Perhaps someday the black community would consider reading a work by "Theodore Parker" who wrote "Historic Americans", in which he describes Founding Father, Ben Franklin, abolitionist extraordinaire, quoting the koran in defending his abolition petition to Congress.

You can read it online here: “Historic Americans” or http://tinyurl.com/aa96dnm

Quote:

Page 27:

You see the young nation in its infancy. “Hercules in his cradle, “ said Franklin; but with a legion of the mystic serpents about him. If the rising sun shines auspicious, yet the clouds threaten a storm, long and terrible. “

Page 33

VI. Franklin, an old man of eighty-four, is making ready to die. The great philosopher, the great statesman, he has done with philosophy and state craft, not yet ended his philanthropy. He is satisfied with having taken the thunderbolt from the sky, bringing it noiseless and harmless to the ground; he has not yet done with taking the sceptre from tyrants. True, he has, by the foundation of the American state on the natural and inalienable rights of all, helped to set America free from the despotism of the British king and Parliament. None has done more for that. He has made the treaty with Prussia, which forbids privateering on land or sea. But now he remembers that there are some six hundred thousand African slaves in America, whose bodies are taken from their control, even in time of peace – peace to other men, to them a period of perpetual war. So in 1787, he founds a society for the abolition of slavery.
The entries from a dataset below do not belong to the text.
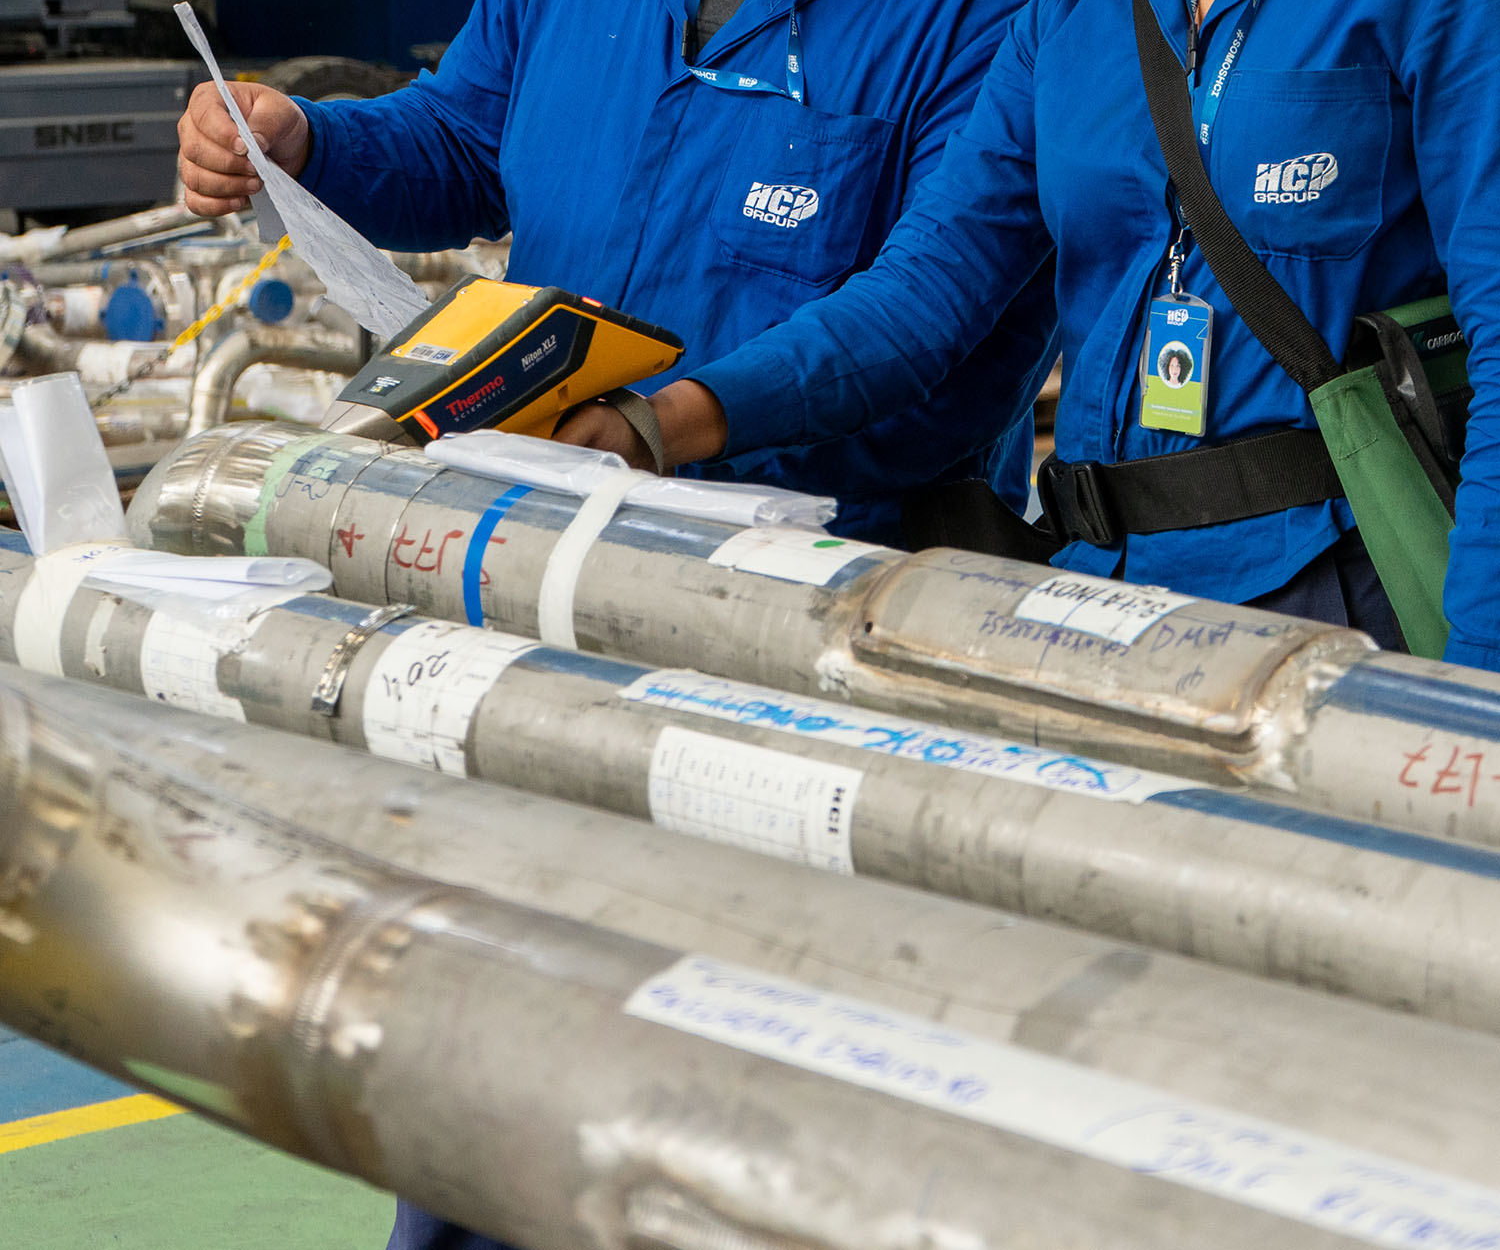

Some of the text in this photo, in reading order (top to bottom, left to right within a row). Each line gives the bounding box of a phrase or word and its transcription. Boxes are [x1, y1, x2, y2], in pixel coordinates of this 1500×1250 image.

[1211, 29, 1245, 98] #SOMOSHCI
[1255, 153, 1338, 192] HCI
[744, 181, 819, 221] HCI
[1254, 191, 1320, 204] GROUP
[742, 206, 799, 229] GROUP
[521, 347, 543, 368] Niton
[541, 334, 556, 352] XL2
[445, 375, 504, 416] Thermo
[454, 385, 506, 422] SCIENTIFIC
He is its first President, and in that capacity signed a

Page 34

petition to Congress, asking “the restitution of liberty to those unhappy men, who alone in this land of freedom are degraded into perpetual bondage;” asks Congress “that you will step to the very verge of the power vested in you for discouraging every species of traffic in the persons of our fellow-men.” This petition was the last public act of Franklin, the last public document he ever signed. He had put his hand to the Declaration of Independence; to the treaties of alliance with France and Prussia; to the treay of peace with Great Britain, now he signs the first petition for the abolition of slavery.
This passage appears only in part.